A 2019 YouGov poll shows that 62% of adults are aware of CBD products and over one in ten has actually bought one. As time goes on, this number continues to grow, with the industry worth around £300 million and looking to triple in the next five years. In fact, with the population becoming more anxious and struggling to cope since Covid-19 and the UK-wide lock down, CBD is now estimated to have over 8 million users in Britain.
Consumers can now find a wide variety of forms of CBD, including coffee, tea, oil, creams, capsules, tinctures, gummies, vapes, skincare, and even chocolate. The widespread availability and use of CBD has certainly made cannabis legislation much more likely to change, especially as the rapidly growing market is not as strictly regulated since the laws have not yet caught up to the industry.
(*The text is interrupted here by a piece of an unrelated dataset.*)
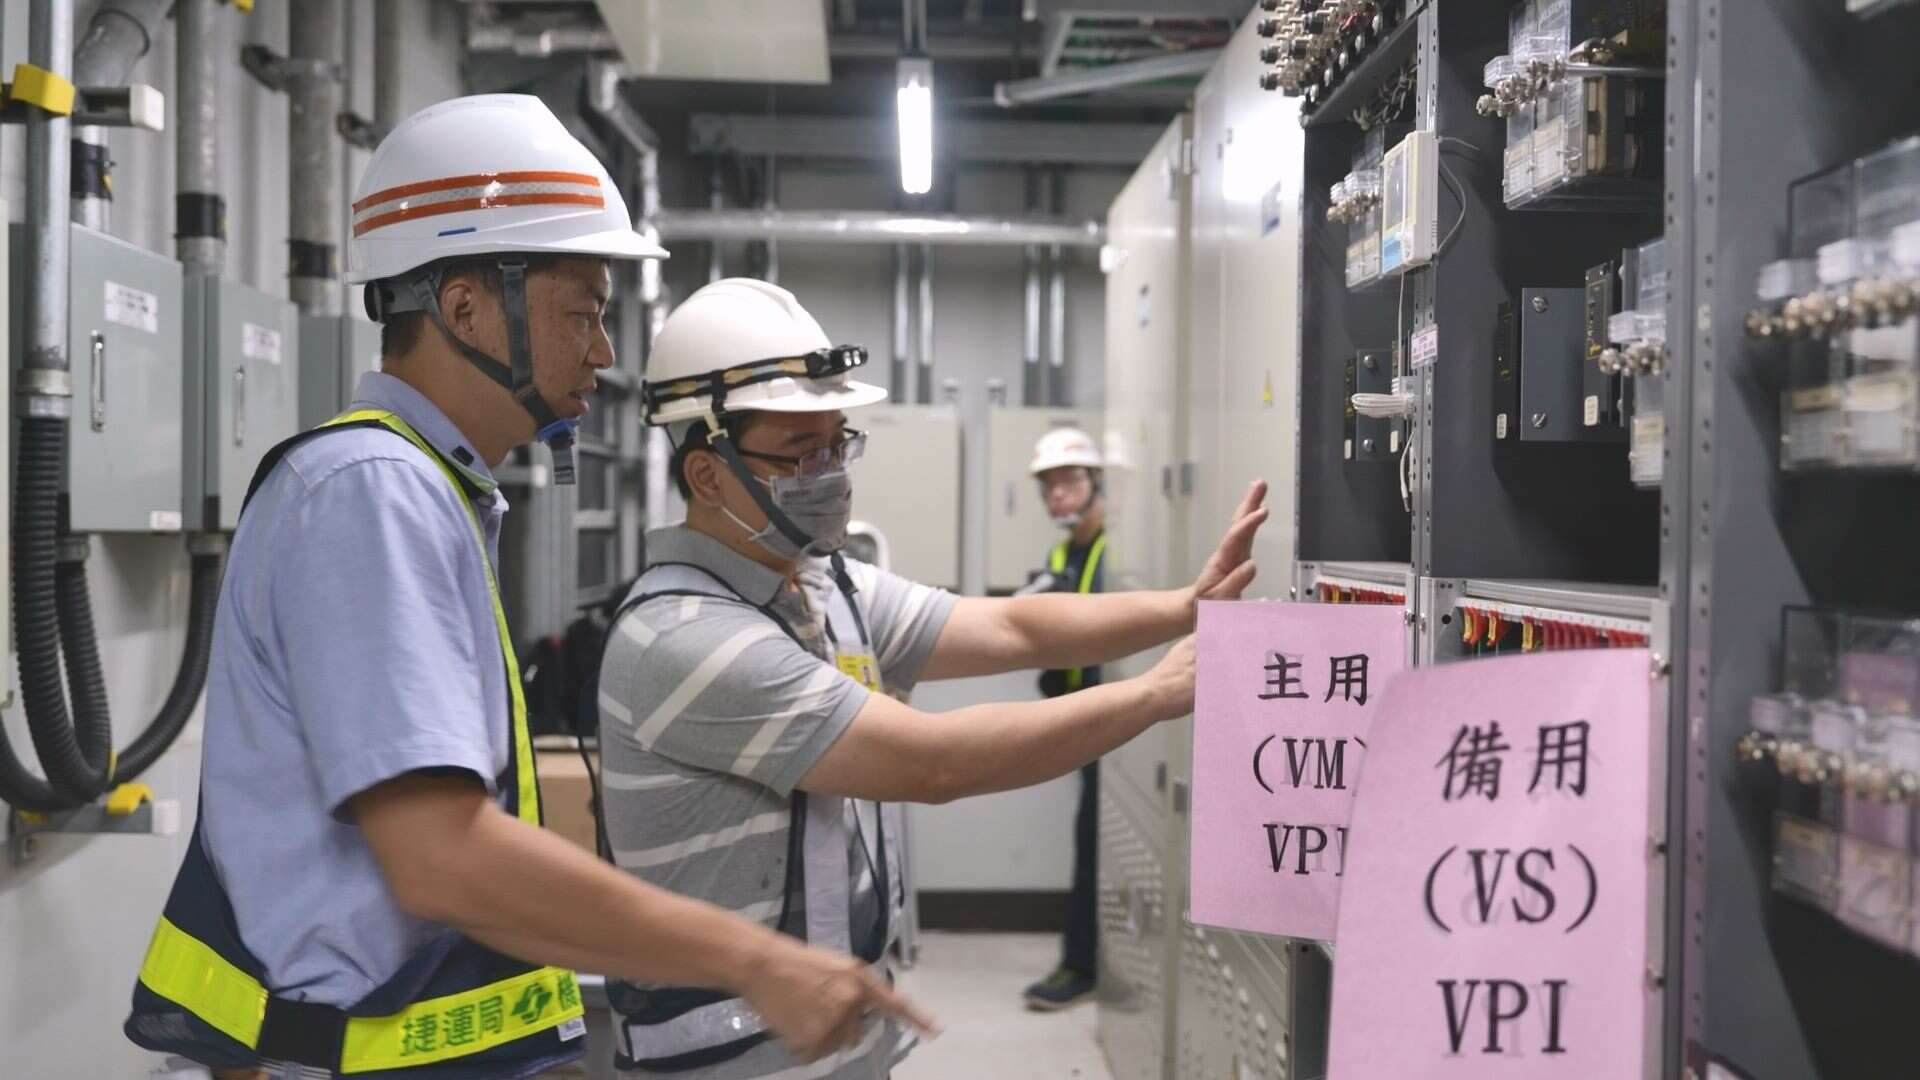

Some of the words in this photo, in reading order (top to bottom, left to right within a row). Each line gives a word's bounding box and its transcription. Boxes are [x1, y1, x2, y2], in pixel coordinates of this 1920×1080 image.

In fact, 2019 introduced new laws regarding CBD edibles, classing such items as ‘novel food’ which require authorization before heading to market. As the FSA states, “This is the only route to compliance for these CBD products” and applicants must register each individual product separately. Existing stock is also affected, and businesses must adhere by the cut off date of March 31st, 2021 or be removed from shelves.
Future of Cannabis Legislation in the UK:
As of now, there is a lot of grey area and unmet needs when it comes to cannabis laws in the UK. The NHS continues to only advocate for medical use under three strict criteria (in cases of rare and severe epilepsy, to aid multiple sclerosis, or to help with the effects of chemotherapy) which makes it incredibly difficult to get a prescription through legal routes. CBD products are now found in high street shops and online, yet marketing is inconsistent and dosages are not scrutinized leaving the public uncertain. Even the possession and production of cannabis is slowly becoming more normalized by local police departments as budget cuts lead to officials prioritizing more serious concerns.
With the market for cannabis and cannabis based products growing steadily, the future of legislation in the UK becomes more certain. Not only do studies show the economy could greatly benefit from the legalization of cannabis, but the UK has the potential to be a hub for innovation and expertise.
Advocates for legalization of cannabis in the UK often highlight the economic and medicinal benefits of decriminalising the substance, however another important factor is safety. A lack of legislation or a blanket ban of cannabis makes it difficult to standardize messaging, dosages, and studies, and as many professionals point out, this is part of the problem. Without reducing the restrictions on cannabis, the industry cannot begin to produce unbiased data or enforce rules about labelling products.
If the future of cannabis in the UK is heading where the market predicts, new legislation will need to be discussed, and soon.